What would it mean for broader anti-violence movements and movements for police accountability and abolition to say these names, recognize these statistics, and acknowledge these forms of police violence?
Bringing women and trans people of color to the center of the conversation around policing means the organizing strategies and demands of the current movement around police brutality and accountability need to be both gender inclusive and specific. Women & trans people of color can no longer be expected to show up but be silent about our experiences, or be boxed into a frame that only allows us to be grieving mothers, sisters, partners of men of color or collateral damage in attacks on them. We are, and forever have been, targets of state violence in our own right, and our experiences must inform the demands of the marches we organize and the movements we lead.
As INCITE! has been saying for the past 15 years, this means we must engage in a critical re-examination of our responses to gender based violence and our conceptions of safety.
The broken windows policing practices that led NYPD officers to choke a 5 month pregnant Rosann Miller for grilling on a sidewalk just weeks after Eric Garner was choked to death on camera, to throw Stefanie Maldonado to the ground for the crime of jaywalking, to target homeless people, and to confiscate condoms from youth of color, women and trans people of color as evidence of intent that they are engaged in prostitution-related offenses is not safety.
“Quality of life” ordinances which give officers the power and discretion to draw and enforce the lines of the gender binary, police the presence of racially gendered bodies in public spaces by reading sexual and gender nonconformity through racialized lenses as signs of disorder, deceit, deviance, violence, madness, and promiscuity, and to extort sex in exchange for tearing up another baseless ticket that will keep you from your job or education, your kids, your appointment are not safety.
The war on terror that leads police to profile, harass, demean and degrade Arab, Muslim, Middle Eastern and South Asian women and women in hijab is not safety.
The continued theft of this land and violations of its Indigenous peoples is not safety.
The enforcement of the borders of this country on the bodies of immigrant women and queer people of color is not safety.
The experiences and patterns I have shared today are exhibit A in the case against carceral feminism’s response to gender based violence. This is what it means to entrust our safety to systems of policing and punishment. This is what demands that we challenge ourselves to think beyond the state to envision what will actually produce safety, what is needed to challenge state violence against all members of our communities, and what will actually ultimately produce liberation for all of us. I treasure and look forward to the space we will all create over the next three days to imagine and enact a world beyond the state, and beyond police.

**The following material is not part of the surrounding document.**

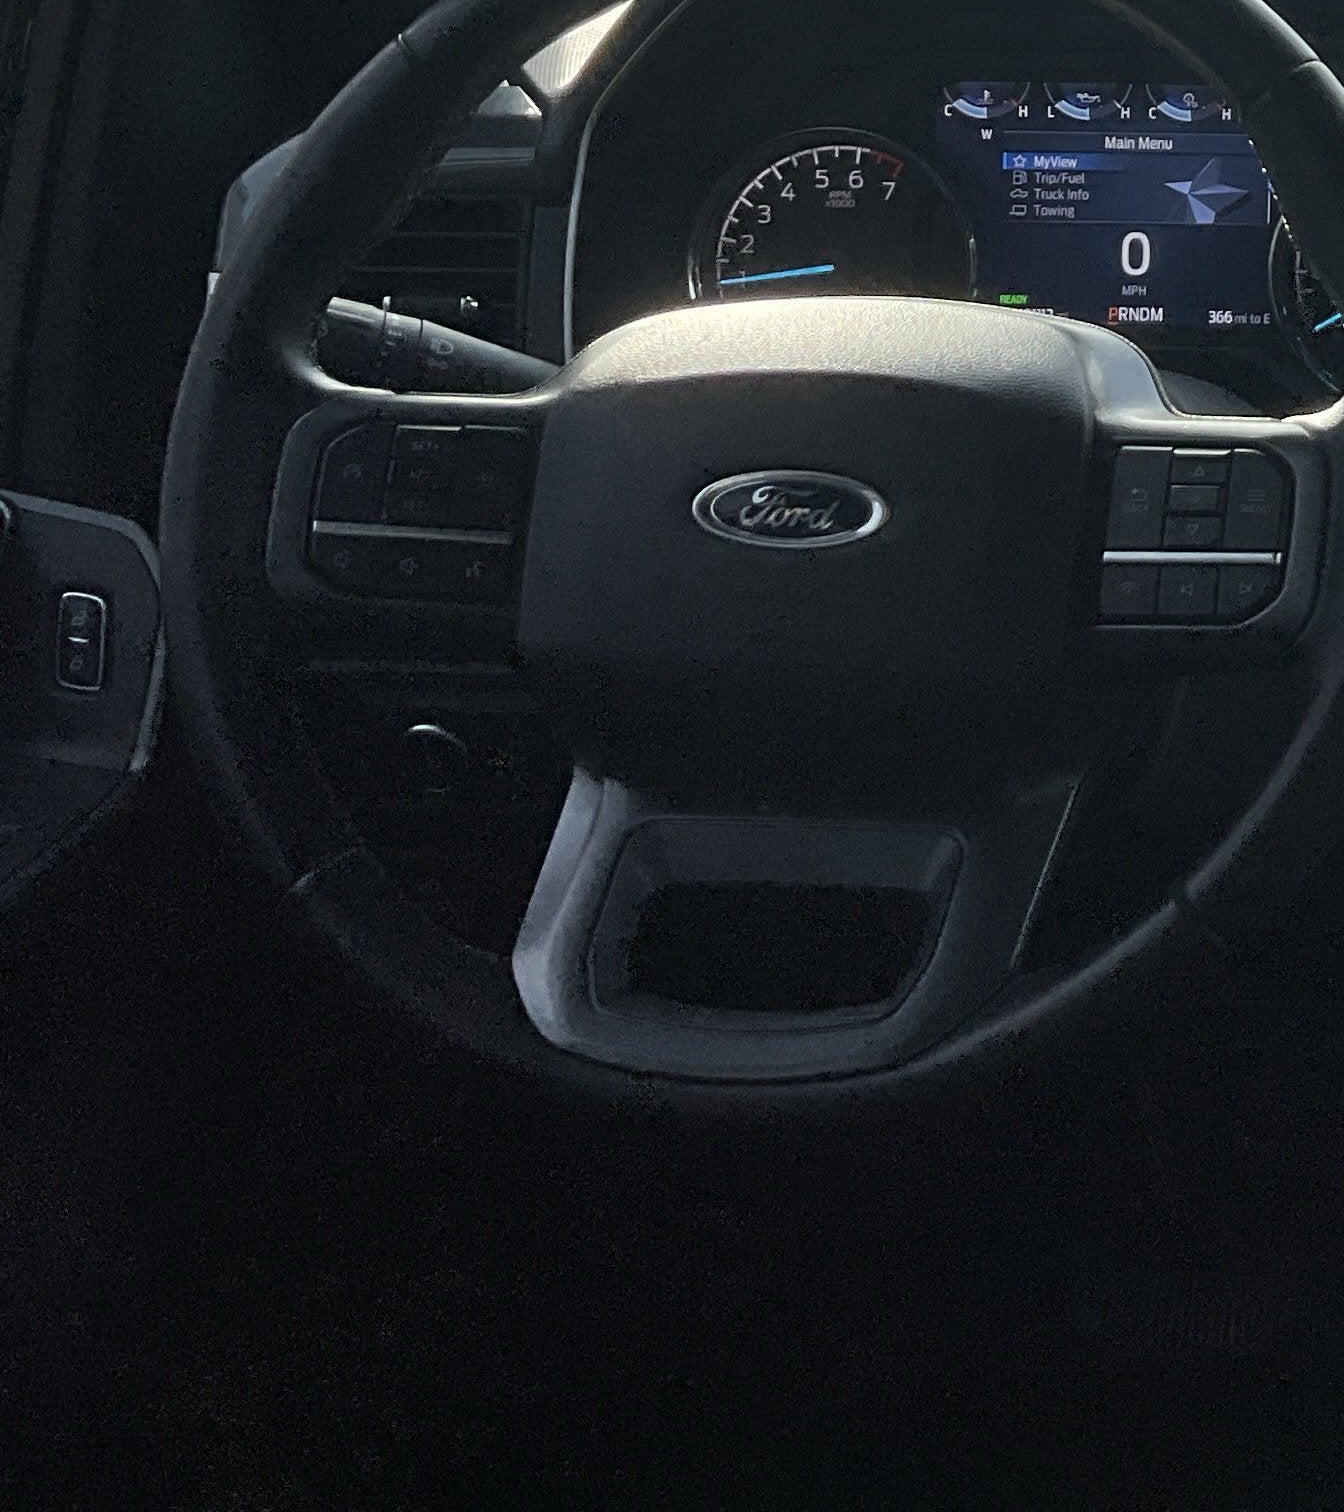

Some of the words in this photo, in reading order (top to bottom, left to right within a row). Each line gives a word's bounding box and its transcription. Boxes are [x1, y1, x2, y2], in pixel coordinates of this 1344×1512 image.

Andrea Ritchie is a Black police misconduct organizer in New York City whose research, writing, organizing and advocacy work focuses on the profiling and policing of women, girls, and LGBT people of color. She coordinated and coauthored the INCITE! Organizers’ Toolkit on Law Enforcement Violence Against Women and Transgender People of Color, and served on the INCITE! national collective from 2003-2008. Andrea is a Soros Justice Fellow and until recently, she was the Coordinator of Streetwise and Safe (SAS), an organization focused on profiling and policing of LGBTQ youth of color in New York City. She currently serves as the Senior Policy Advisor of SAS and is co-author of Queer (In)Justice: The Criminalization of LGBT People in the United States. She is of Afro Caribbean descent, identifies as a woman/lesbian, and goes by she and her (but is fine with any pronoun).